Muhaimin juga menyayangkan pemda dalam membangun tower (BTS), harusnya menitikberatkan pada kemaslahatan, bukan malah menjadi semacam persaingan antara pemerintah. Ia contohkan jaringan yang sudah dibangun oleh propinsi, maka kabupaten harusntya tidak lagi membangun jaringan XL di desa yang sama, "sementara masih puluhan desa yang belum tersentuh oleh jaringan, meskinya tower dari telkomsel jalan dan tower XL juga jalan sehingga terjadi pemerataan jaringan," ungkap Muhaimin.
Muhaimin Syarif juga menegaskan bahwa Kab.Pulau Taliabu tak pantas di sebut baru seumur jagung atau baru delapan tahun usianya apalagi menjadikan kecilnya APBD Taliabu sebagai alibi untuk menutupi minimnya pembangunan sarana dan prasarana selama ini.

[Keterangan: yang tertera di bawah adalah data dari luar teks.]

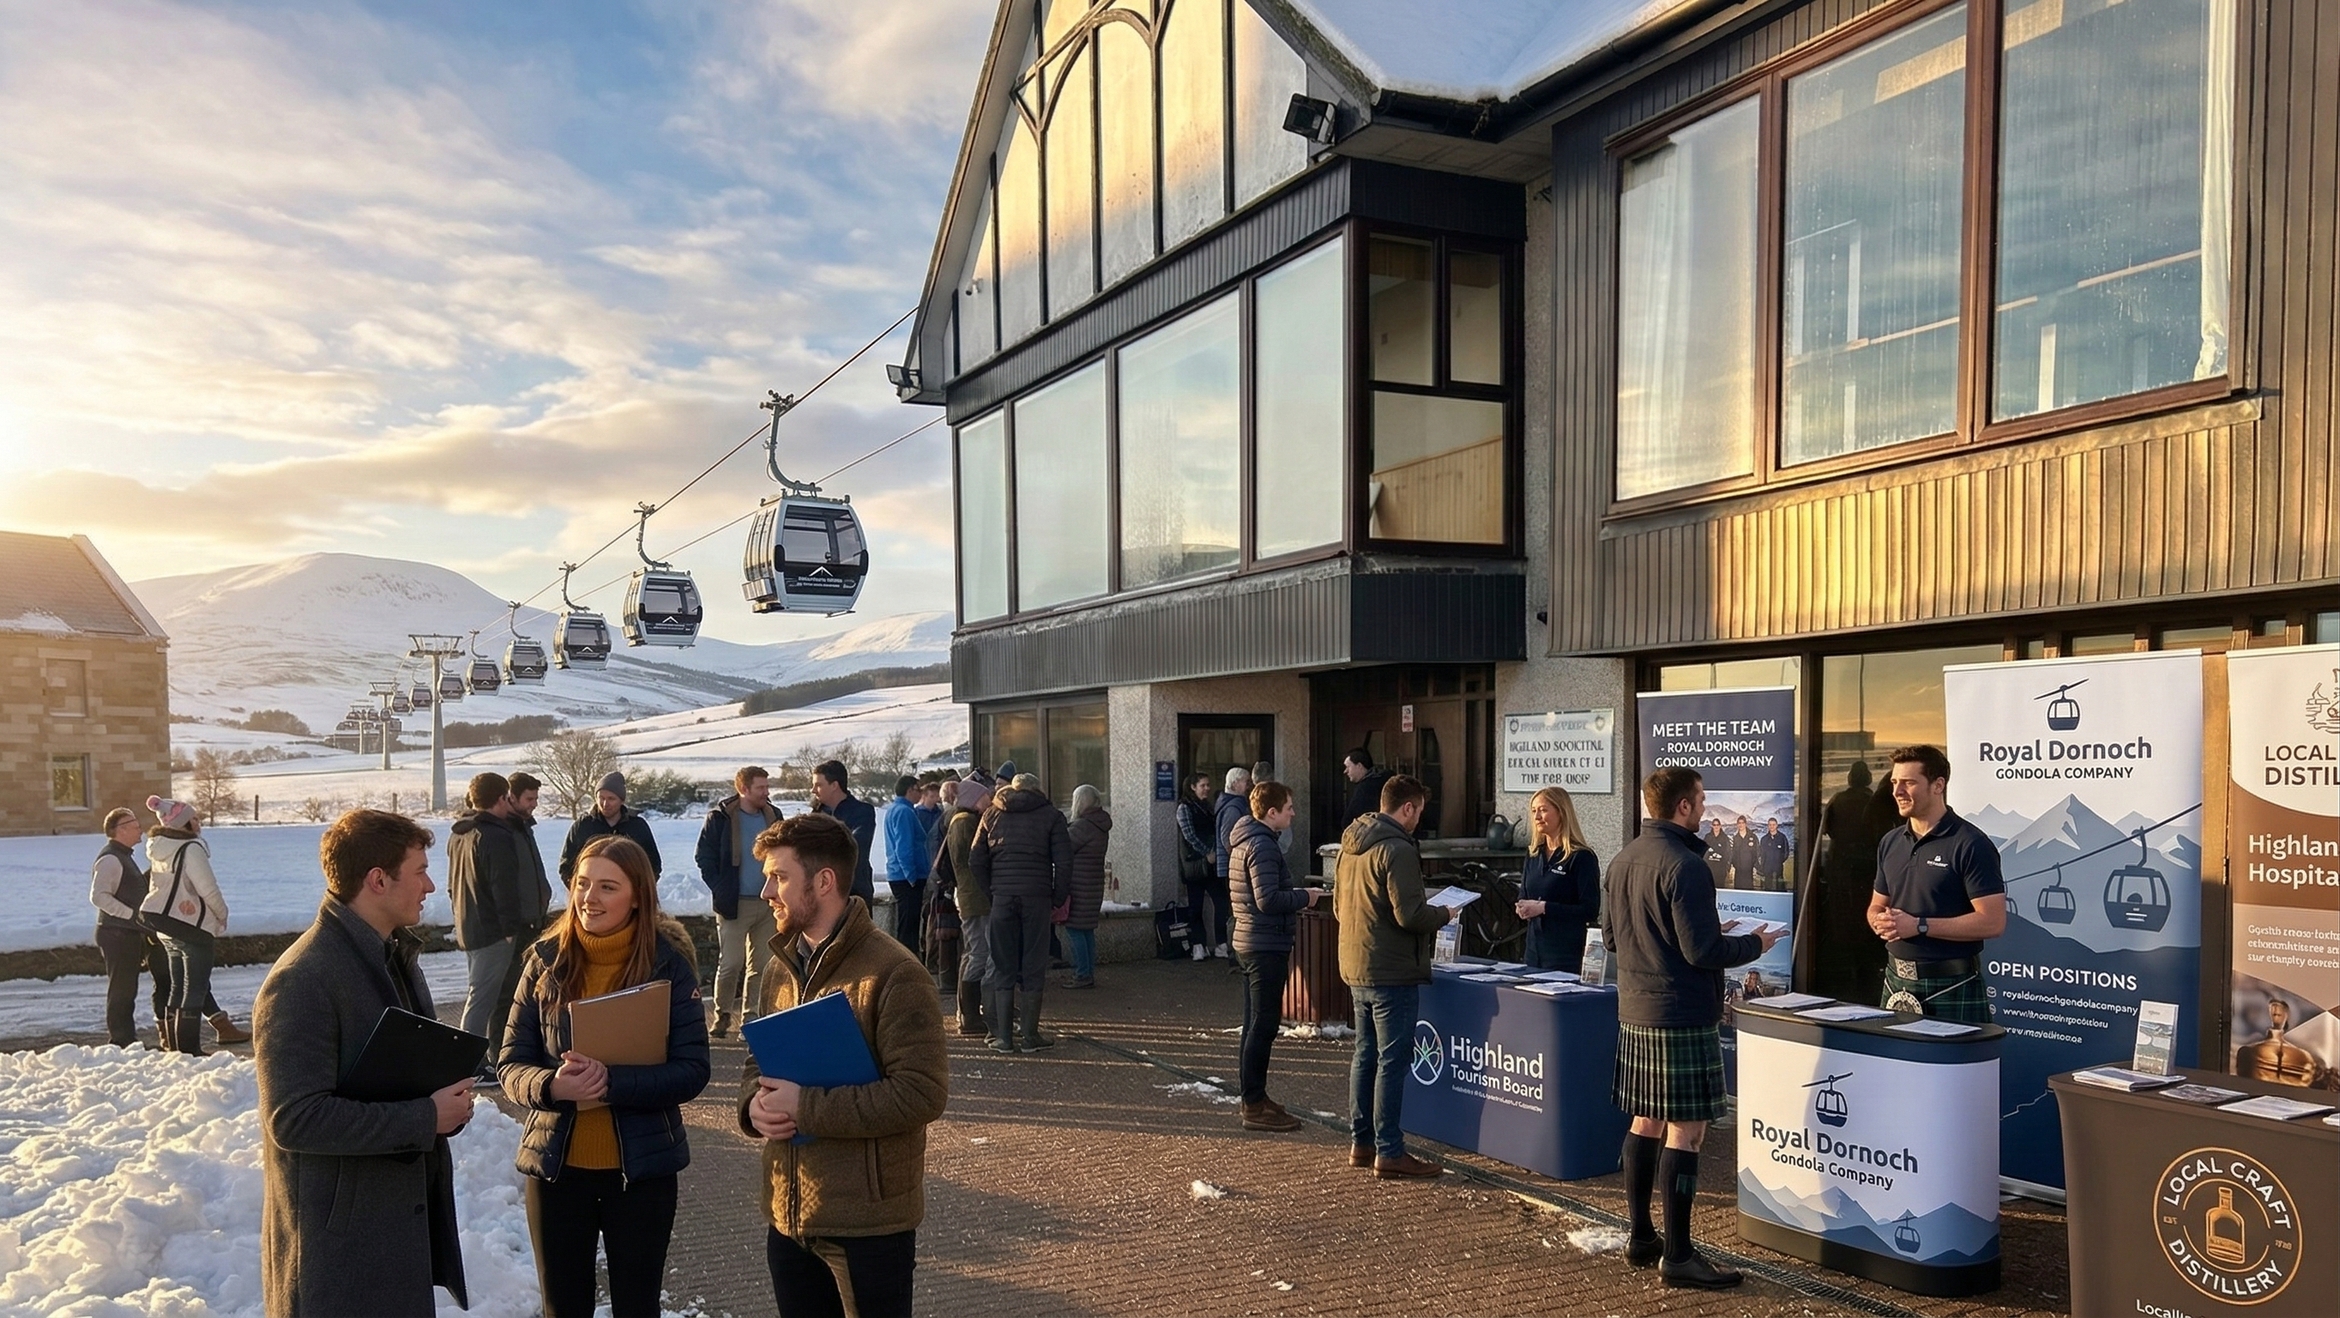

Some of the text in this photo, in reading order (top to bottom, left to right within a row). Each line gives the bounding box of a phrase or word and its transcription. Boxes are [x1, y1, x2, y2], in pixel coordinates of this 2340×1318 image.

[1652, 719, 1776, 737] MEET THE TEAM
[1655, 755, 1774, 768] GONDOLA COMPANY
[1667, 741, 1703, 753] ROYAL
[1705, 740, 1765, 753] DORNOCH
[1979, 736, 2152, 766] Royal Dornoch
[2265, 745, 2337, 761] LOCAL
[1996, 767, 2134, 780] GONDOLA COMPANY
[1988, 961, 2138, 991] OPEN POSITIONS
[1450, 1035, 1543, 1079] Highland
[1450, 1064, 1500, 1090] Tourism
[1503, 1076, 1543, 1100] Board
[1752, 1118, 1919, 1174] Royal Dornoch
[1771, 1149, 1894, 1191] Gondola Company
[2163, 1157, 2292, 1230] LOCAL CRAFT
[2169, 1238, 2283, 1296] DISTILLERY

"Sesunguhnya persoalan Taliabu ini sederhana, tetapi sangat serius kalau orang yang peka terhadap penderitaan rakyat, karena terus terang sampai saat ini Taliabu belum memiliki sarana dan prasarana yang memadai sedangkan usainya sendiri idealnya sudah kurang lebih 18 Tahun. Mengapa? Karena dua periode di Sula, pemangku kebijakan dan pengambil keputusan adalah putra daerah Taliabu, artinya ketika kita benar mencintai negeri ini meskinya intervensi itu sudah-jauh jauh hari harus dilakukan semenjak pemerintahan masih di Kepulauan Sula," kata Muhaimin.

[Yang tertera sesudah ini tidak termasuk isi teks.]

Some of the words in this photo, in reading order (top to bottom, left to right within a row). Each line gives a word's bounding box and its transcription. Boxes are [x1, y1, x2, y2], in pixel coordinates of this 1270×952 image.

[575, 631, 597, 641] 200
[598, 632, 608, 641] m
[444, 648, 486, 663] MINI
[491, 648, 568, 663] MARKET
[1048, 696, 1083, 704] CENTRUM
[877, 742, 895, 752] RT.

Sebelum menutup perbincangan, Muhaimin Syarif berpesan kepada semua lembaga kemasyarakatan serta akademisi untuk berani menyuarakan pendapat yang komperehensif terhadap ketimpangan yang terjadi sebagai bagian dari kepedulian dan kecintaan terhadap daerahnya sendiri.
"Saya menghimbau kepada LSM dan lembaga akademisi kemahasiswaan sebagai penyangga isu untuk berani memproteksi terhadap kebijakan pemerintah yang salah, dan juga saya meminta kepada kepada pemerintah untuk tidak alergi terhadap saran serta kritikan dari masyarakat karena sejatinya pemerintah adalah pelayan masyarakat," pungkasnya seraya mengucapkan selamat hari raya idul fitri kepada pembaca media ini terutama masyarakat Pulau Taliabu.